PROVIDED DATA:
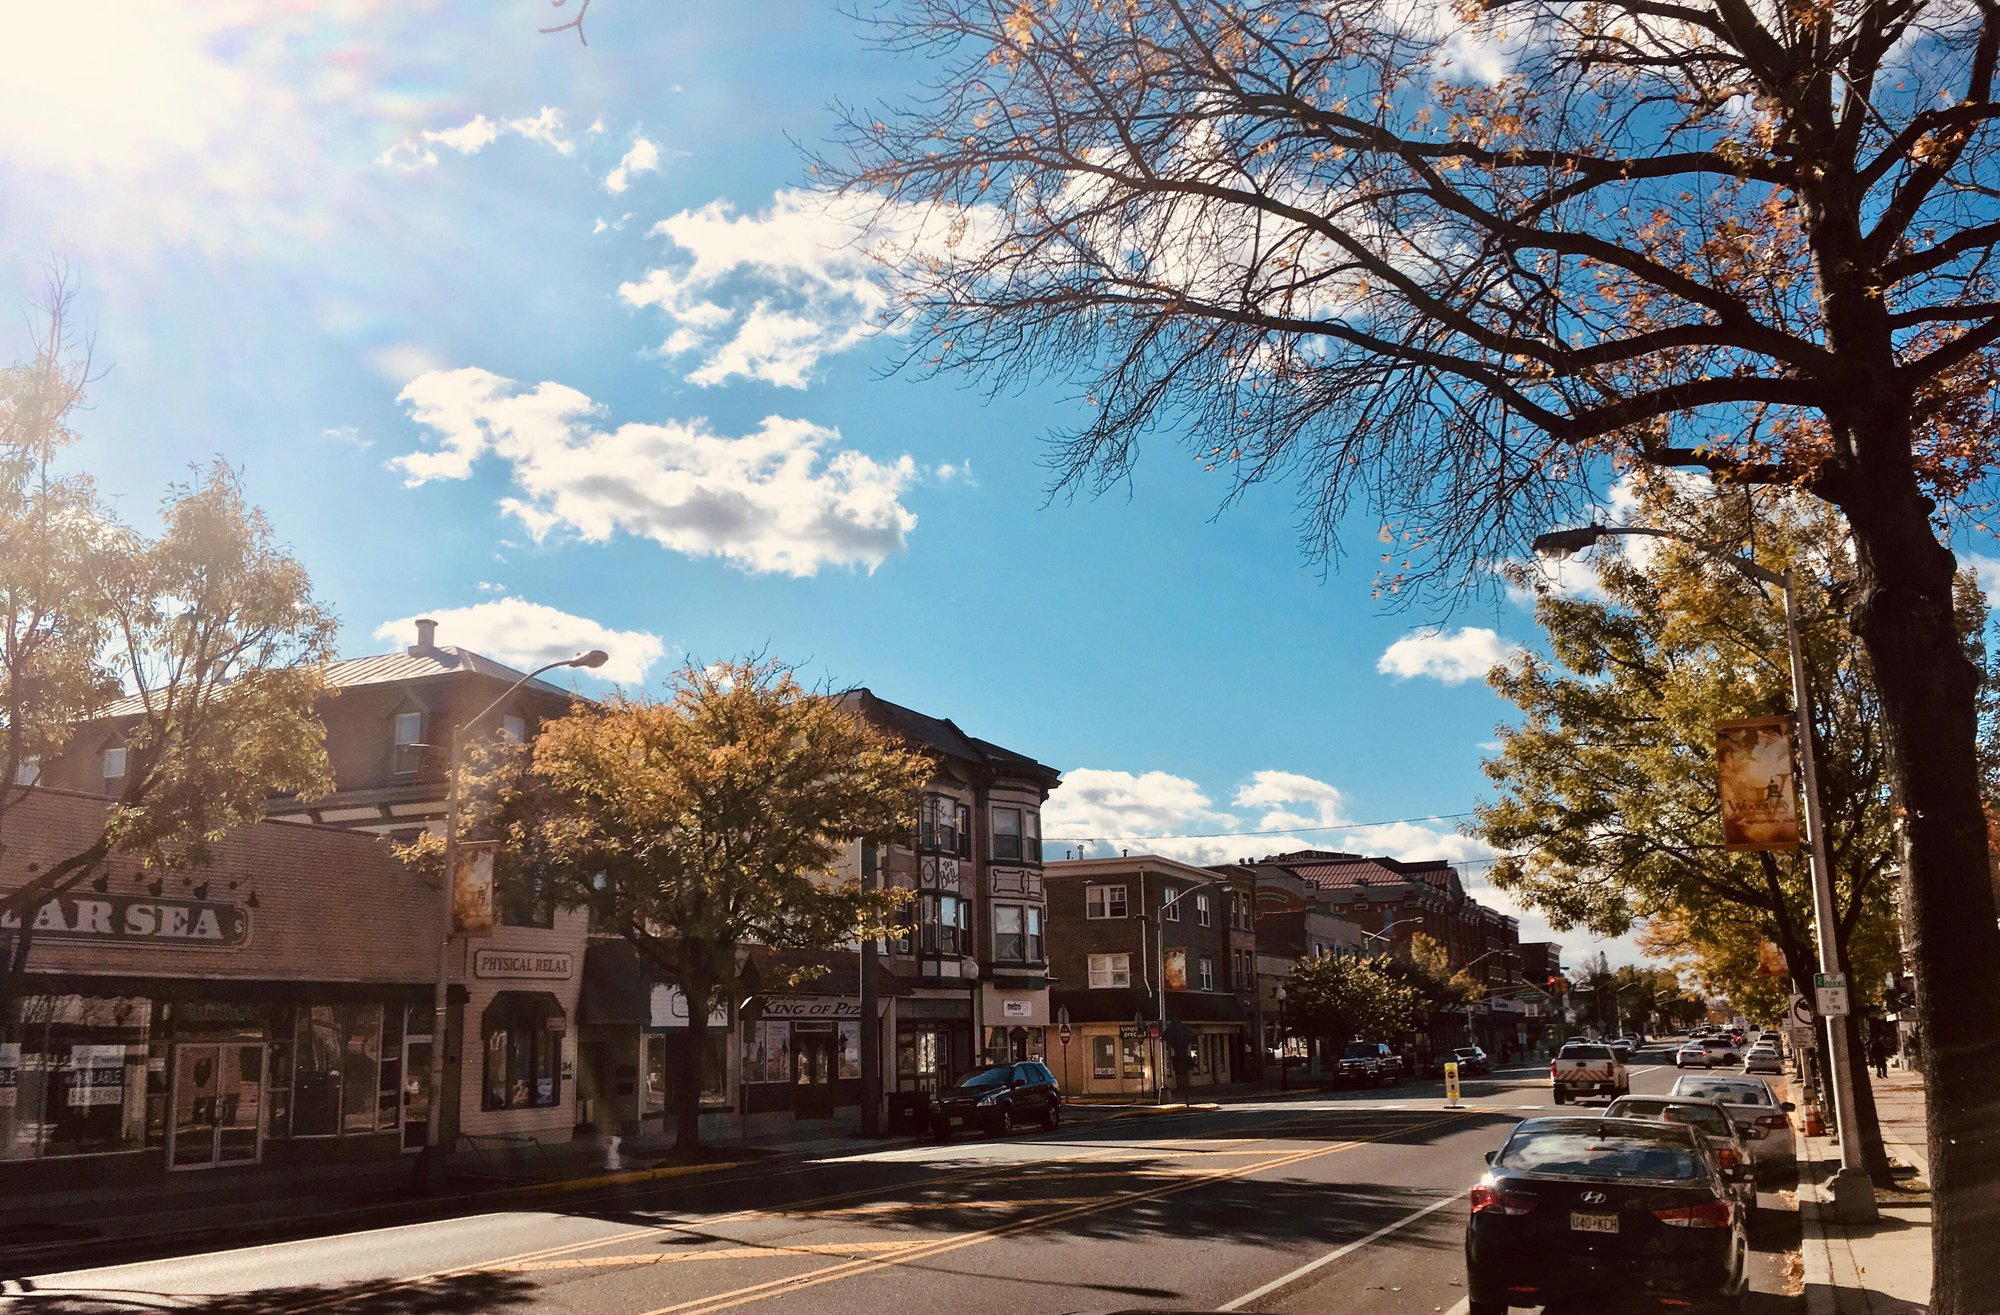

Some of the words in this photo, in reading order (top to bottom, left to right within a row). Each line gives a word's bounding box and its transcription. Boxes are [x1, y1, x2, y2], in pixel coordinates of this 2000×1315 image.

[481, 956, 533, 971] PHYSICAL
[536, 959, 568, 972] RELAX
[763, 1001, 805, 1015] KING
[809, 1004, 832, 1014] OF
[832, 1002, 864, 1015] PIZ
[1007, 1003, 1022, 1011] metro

YOUR OBJECTIVE:
Return every entry word for word, leaving the pictures out.

ANSWER AREA:
Some of the words in this photo, in reading order (top to bottom, left to right within a row). Each line gives a word's bounding box and its transcription. Boxes are [x1, y1, x2, y2], in pixel coordinates of this 2000×1315 image.

[481, 956, 533, 971] PHYSICAL
[536, 959, 568, 972] RELAX
[763, 1001, 805, 1015] KING
[809, 1004, 832, 1014] OF
[832, 1002, 864, 1015] PIZ
[1007, 1003, 1022, 1011] metro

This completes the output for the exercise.